Una hora después, entró en un bar del puerto. Seguía jugando a estar perdido. Sabiendo perfectamente dónde estaba, preguntó si quedaba lejos el muelle de Europa. Le dijeron que estaba en él. Entonces pidió un café y dos fichas, y en primer lugar llamó por teléfono a Yhma.
—No te inquietes por la tardanza —le dijo—. He bajado a comprar tabaco.
—Pero ¿cómo que has bajado si no has subido a casa? A veces no te entiendo, Anatol.
—Ya lo entenderás —dijo y colgó.
Después, llamó a Hvulac.
—Enemigo Anatol —le dijo éste medio bromeando, pero también bastante en serio—, es usted un verdadero animal, permítame que le hable así. Estoy leyendo su novela, y nos deja muy mal. Pero ¿qué tiene usted contra nosotros? La verdad es que nunca imaginé que fuera usted tan extranjero...
Hubo una larga pausa en la que tal vez Hvulac estuvo esperando alguna seria justificación por parte de Anatol, pero éste permaneció en riguroso silencio.
Pero en fin —prosiguió Hvulac—, se trata de un texto valioso, para qué negarlo, y nosotros somos más liberales de lo que usted cree, así que lo publicaremos. Es más, tiene usted que firmarme un contrato en exclusiva, quiero asegurarme los derechos de sus próximos libros. Olvídese de la pensión con la que pensaba vivir tras su jubilación, y alegre esa cara, hombre, firmemos el contrato de su vida, y decídase a ser feliz entre nosotros.
Por un momento fue como si Anatol hubiera previsto desde hacía ya mucho tiempo que Hvulac le hablaría de esa forma, porque le contestó en un tono muy ceremonioso, como si recitara un papel aprendido de antemano:
—Hallará la puerta de mi casa abierta, amigo Hvulac, mi mujer se la franqueará con sumo gusto, encontrará todas las estancias iluminadas, y en una de ellas, en la que hasta el día de hoy fue mi estudio, hallará la llave que abre el baúl en el que descansa el resto de mi obra secreta. El baúl es suyo. La isla es bella. En mi escritorio hallará un documento que atestigua que el baúl es suyo y de la isla entera.
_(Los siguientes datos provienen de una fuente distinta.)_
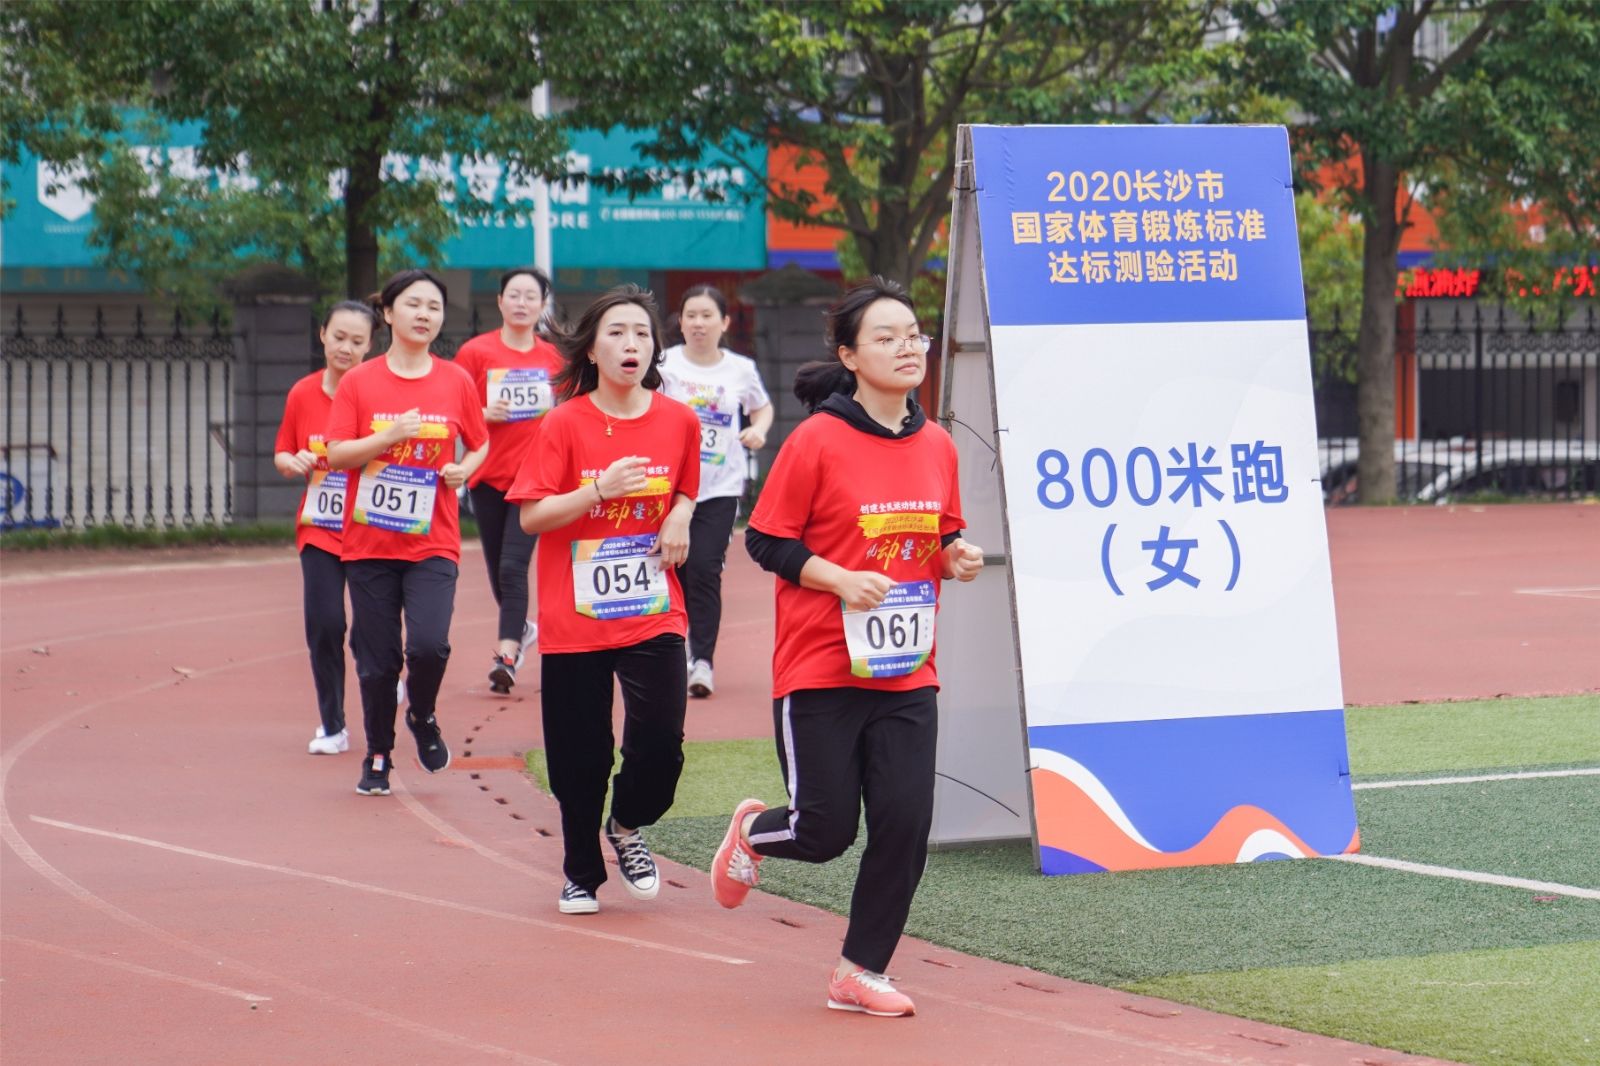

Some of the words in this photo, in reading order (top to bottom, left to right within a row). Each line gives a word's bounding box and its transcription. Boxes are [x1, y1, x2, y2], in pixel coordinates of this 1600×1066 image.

Hizo una breve pausa, mientras contemplaba a través de la ventana la fila de palmeras y de bancos de piedra del muelle de Europa. Y luego, añadió murmurando entre dientes y con voz muy baja y casi imperceptible:
—Y que os sea leve, porque os dejo seis perfectas bombas de relojería.
—¿Cómo dice? ¿Sigue ahí, Anatol?
—Sí, pero por poco tiempo. Porque el autor se va. Les dejo el baúl, que es lo único que interesa.
Anatol colgó el teléfono. Pensó: La obligación del autor es desaparecer. Tomó sin prisas el café, observó que había dejado de llover, y poco después se perdió en la oscuridad del muelle de Europa. Pensó: Hay personas que siempre se encuentran bien en otro lugar.
Al mediodía del día siguiente, en alta mar, el sol calentaba cada vez con más violencia, el alquitrán derretido se escurría por las paredes, el mar era azul, y el agua utilizada para lavar el puente se evaporaba directamente hacia el cielo también azul. El capitán del barco apareció sobre el puente de mando, se mojó un dedo, y comentó que ya se lo imaginaba, que la prisa estaba descendiendo y que muy pronto podría cambiar de dirección el viento. Anatol, que lo oyó, blasfemó en una larga y obscena frase que contenía cinco haches que él pronunció tan exageradamente aspiradas como pudo, y después sonrió. El capitán repitió lo de la dirección del viento, y Anatol entonces descendió, sin prisas, por la escalera que conducía a la única zona refrigerada del barco, y allí se perdió.